╭─ MATERIAL FOR THE TASK
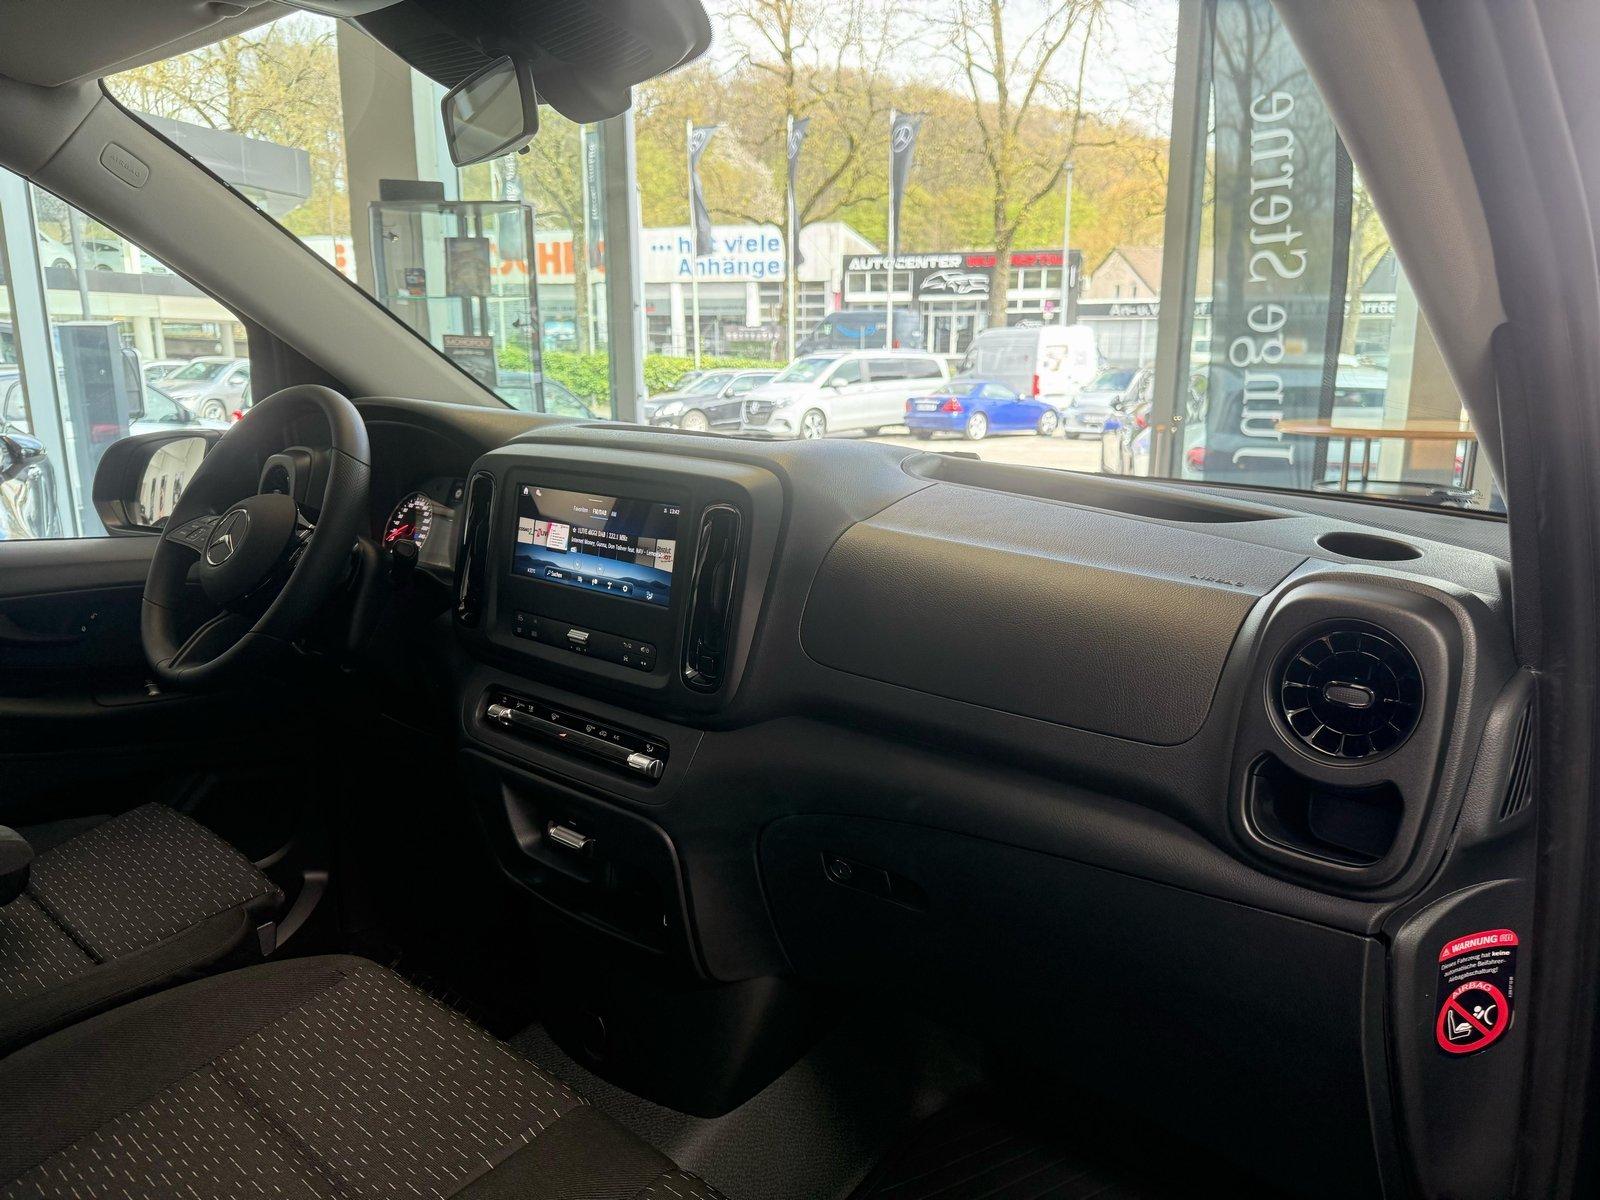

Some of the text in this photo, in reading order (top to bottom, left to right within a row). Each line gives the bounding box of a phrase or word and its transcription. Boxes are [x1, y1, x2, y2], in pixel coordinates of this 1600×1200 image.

[678, 236, 716, 253] ht
[725, 234, 780, 252] viele
[849, 255, 963, 271] AUTOCENTER
[1452, 935, 1498, 952] WARNUNG
[1481, 951, 1491, 959] hat
[1452, 982, 1492, 999] AIRBAG
╰─
** EXERCISE DESCRIPTION **
Repeat each line above exactly as it reads, omitting any pictures.

** FINISHED EXERCISE **
Some of the text in this photo, in reading order (top to bottom, left to right within a row). Each line gives the bounding box of a phrase or word and its transcription. Boxes are [x1, y1, x2, y2], in pixel coordinates of this 1600×1200 image.

[678, 236, 716, 253] ht
[725, 234, 780, 252] viele
[849, 255, 963, 271] AUTOCENTER
[1452, 935, 1498, 952] WARNUNG
[1481, 951, 1491, 959] hat
[1452, 982, 1492, 999] AIRBAG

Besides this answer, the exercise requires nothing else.